Se il turismo sembra dare in questi giorni particolari segnali positivi non è così nel quadro più generale del Paese. Continua la grave emergenza lavoro per la quale si deve combattere con armi che non siano spuntate e R.ETE Imprese Italia, rivolgendosi alle istituzioni, in riferimento al DL Lavoro, auspica “buon senso” e maggiori certezze, per favorire un rilancio più celere dell’occupazione.

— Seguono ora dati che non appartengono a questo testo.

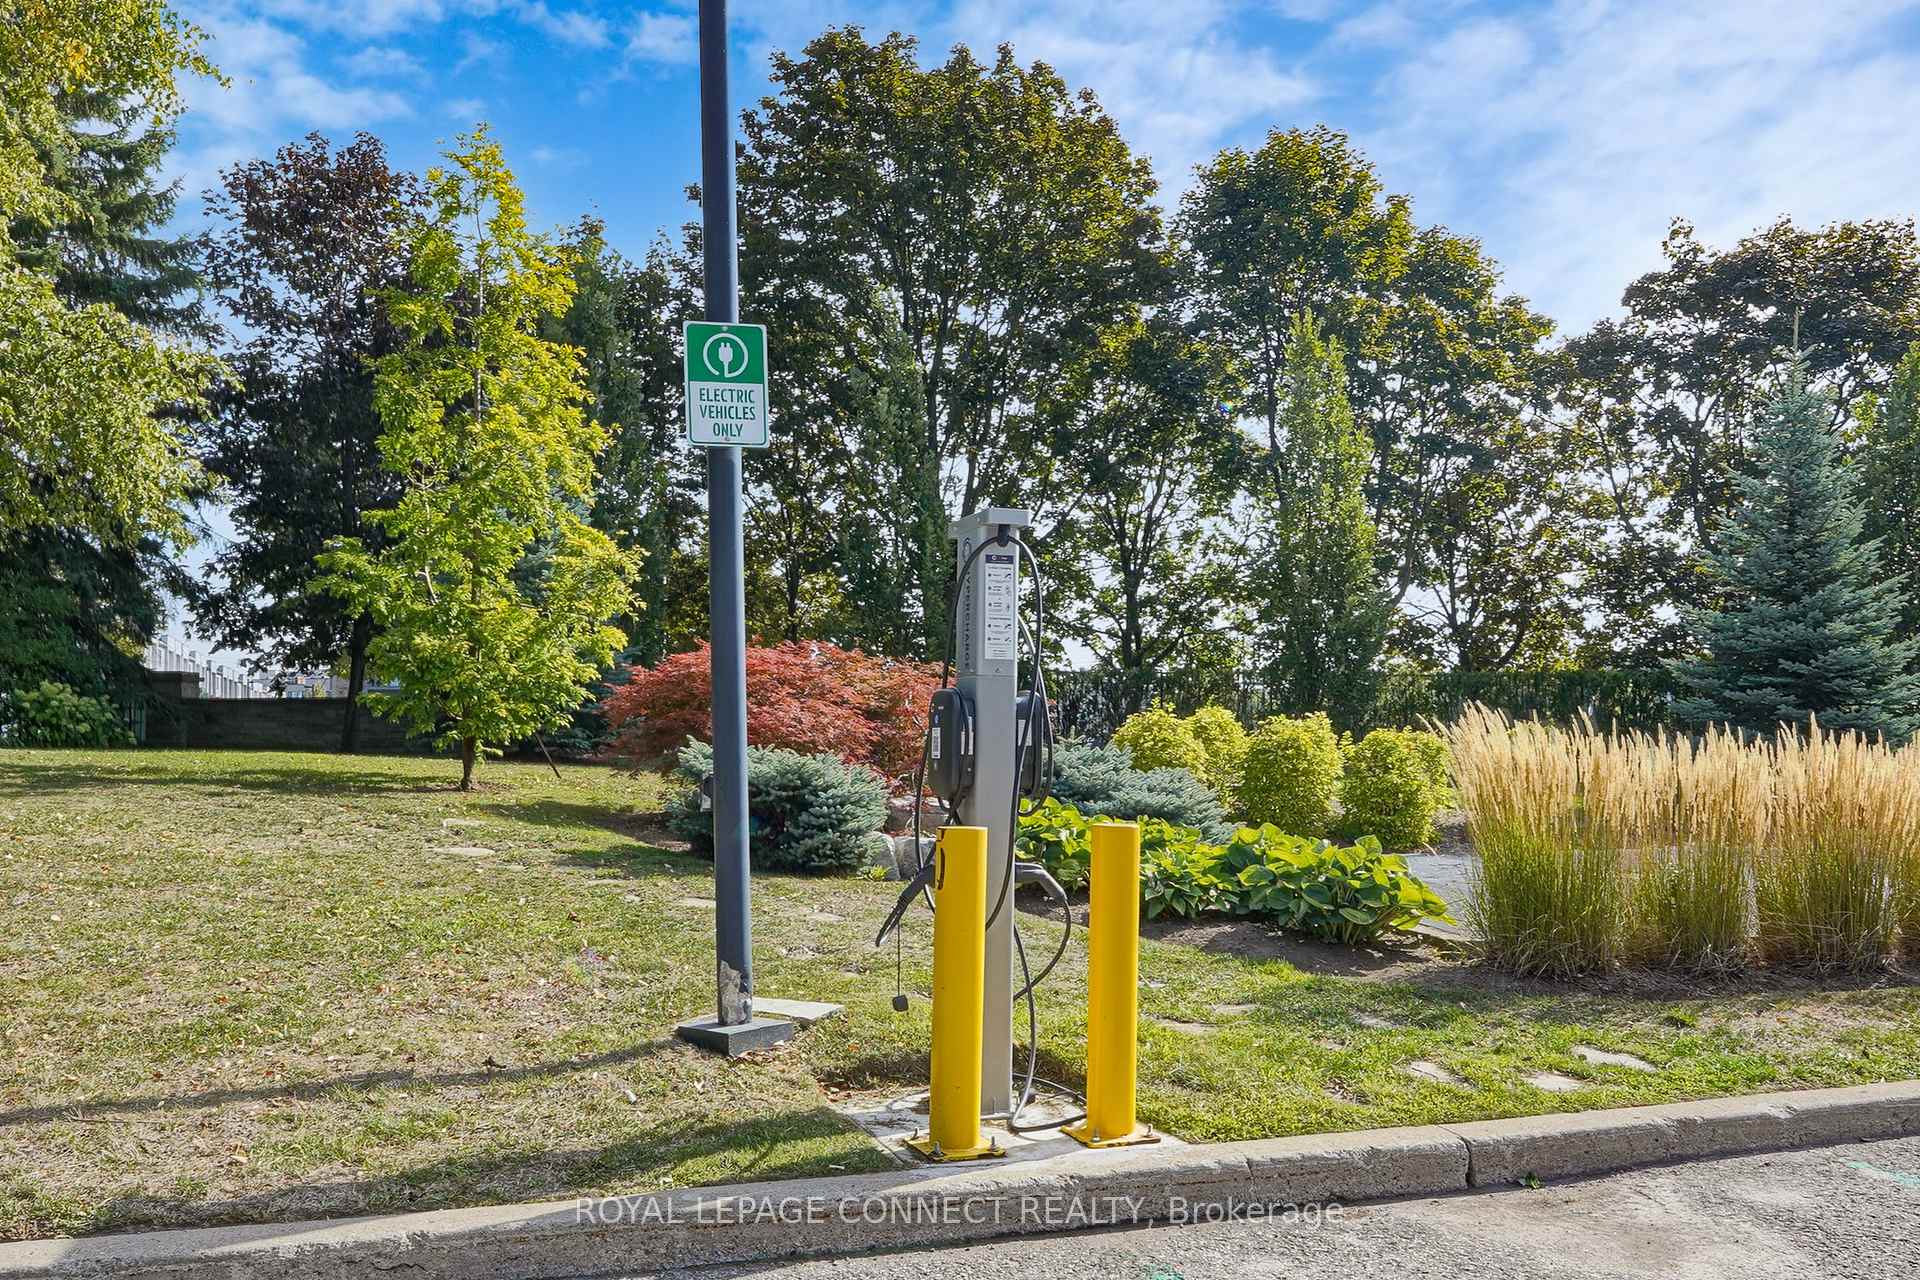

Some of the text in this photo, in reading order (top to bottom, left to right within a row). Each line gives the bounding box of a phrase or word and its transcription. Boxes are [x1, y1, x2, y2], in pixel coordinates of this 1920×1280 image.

[699, 388, 755, 403] ELECTRIC
[699, 404, 755, 420] VEHICLES
[713, 422, 743, 437] ONLY

E la mancanza di occupazione si inserisce nel panorama poco rassicurante che ci fornisce la cronaca di questi giorni dove diventa un triste simbolo negativo lo spegnimento dell’altoforno di Piombino.

Che la crisi non molli la morsa sulle imprese lo mostrano i dati Unioncamere: in soli tre mesi ci sono stati più di 3.600 fallimenti, un dato grave e ancora più impressionante se si pensa che equivale a circa 40 al giorno, due all’ora: il 22% in più rispetto al trimestre del 2013. Salgono anche le procedure di concordato, 577 (+34,7%).

Le esportazioni italiane verso i Paesi extra-europei registrano nel mese di marzo un calo congiunturale dell’1,2% e una contrazione tendenziale ancora più consistente pari al 3,5%. Lo comunica l’Istat in base a stime preliminari.

Eurostat scrive che il deficit 2013 in Italia è al 3% e il debito sale a 132,6%. E’ il più alto dopo quello della Grecia al 175,1%. Ed anche nelle costruzioni, sempre fonte Eurostat, in Italia c’è una contrazione del 7,9% mentre nell’area euro la crescita media di febbraio è stata del 6,7%.

Tra gli incontri in programma nei prossimi giorni segnaliamo, per il 30 aprile a Gaeta “Gli Stati Generali delle Camere di commercio sull’economia del mare”.
Ricordiamo anche, per il 5 maggio, l’evento Istat, esclusivamente a inviti, in cui verranno presentate, a Roma, Le prospettive per l’economia italiana nel 2014-2015.